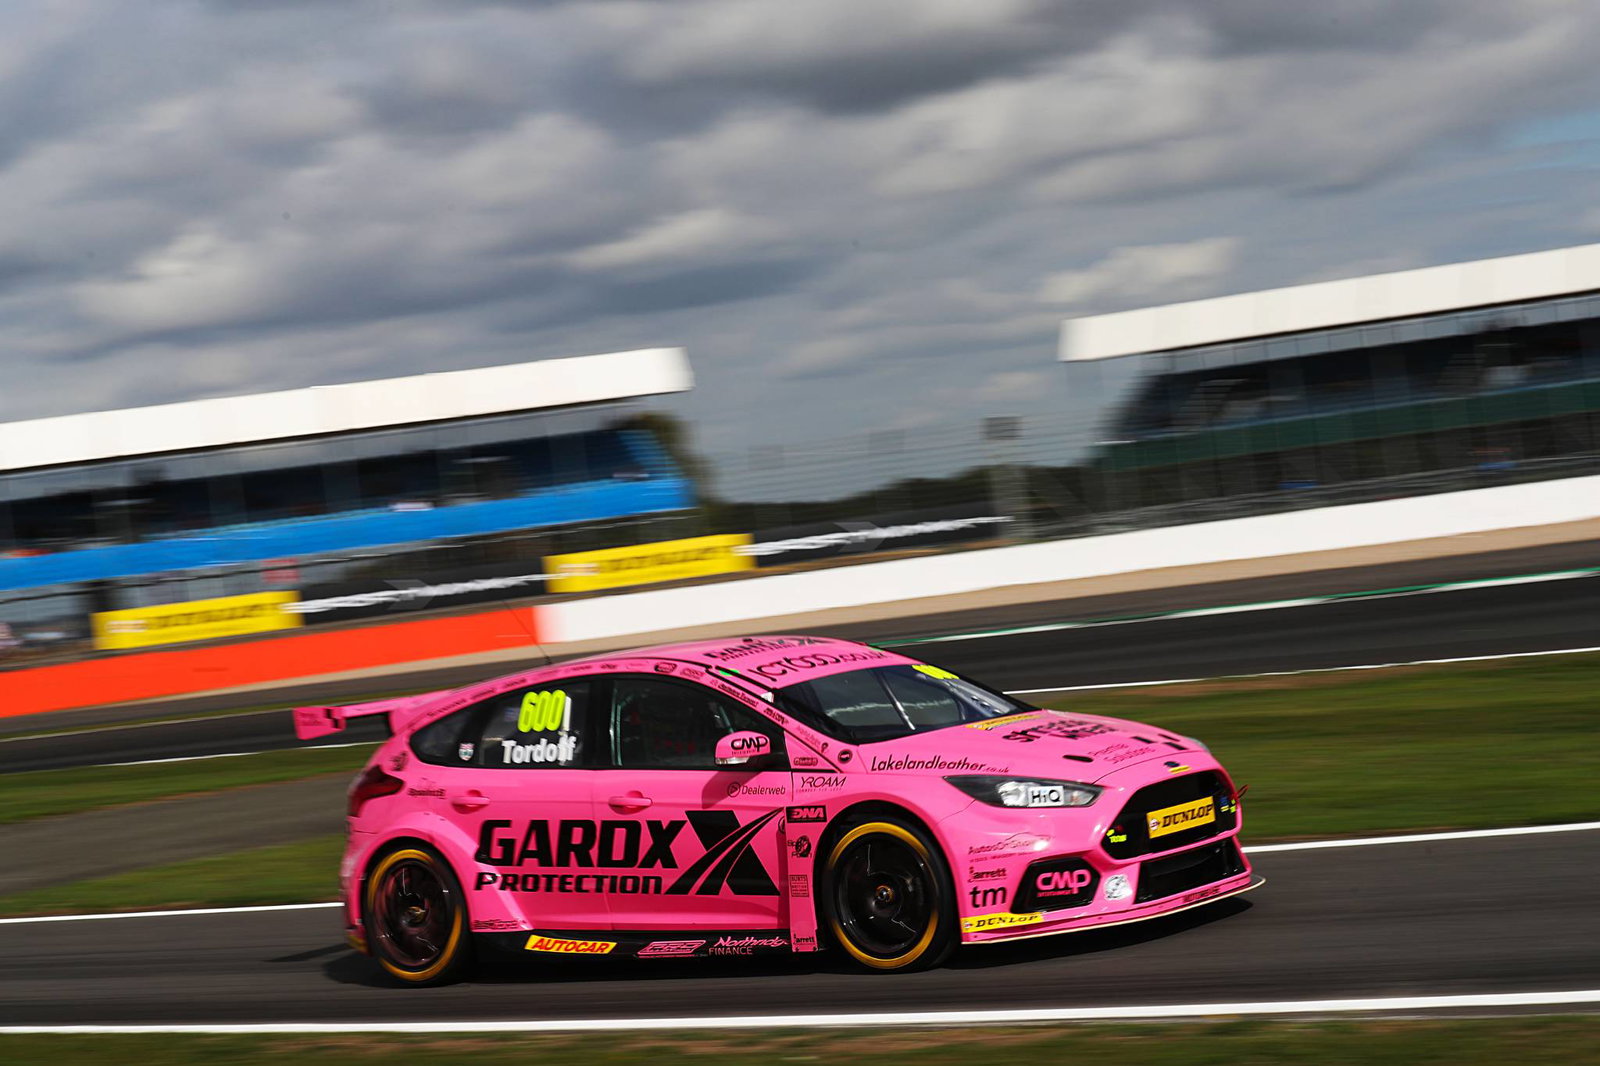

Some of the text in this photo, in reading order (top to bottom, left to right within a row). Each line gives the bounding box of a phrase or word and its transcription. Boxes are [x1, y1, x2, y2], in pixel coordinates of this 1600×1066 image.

[517, 689, 568, 733] 600
[502, 735, 577, 765] Tordoff
[741, 784, 786, 796] Dealerweb
[1162, 804, 1213, 828] DUNLOP
[474, 819, 687, 869] GARDX
[1036, 869, 1092, 894] CMP
[969, 886, 1007, 908] tm
[975, 915, 1039, 928] DUNLOP
[532, 938, 610, 953] AUTOCAR
[708, 946, 754, 957] FINANCE

-- What this task involves --
Where the material contains pictures, leave them out and copy the rest verbatim.

-- Answer to this problem --
Some of the text in this photo, in reading order (top to bottom, left to right within a row). Each line gives the bounding box of a phrase or word and its transcription. Boxes are [x1, y1, x2, y2], in pixel coordinates of this 1600×1066 image.

[517, 689, 568, 733] 600
[502, 735, 577, 765] Tordoff
[741, 784, 786, 796] Dealerweb
[1162, 804, 1213, 828] DUNLOP
[474, 819, 687, 869] GARDX
[1036, 869, 1092, 894] CMP
[969, 886, 1007, 908] tm
[975, 915, 1039, 928] DUNLOP
[532, 938, 610, 953] AUTOCAR
[708, 946, 754, 957] FINANCE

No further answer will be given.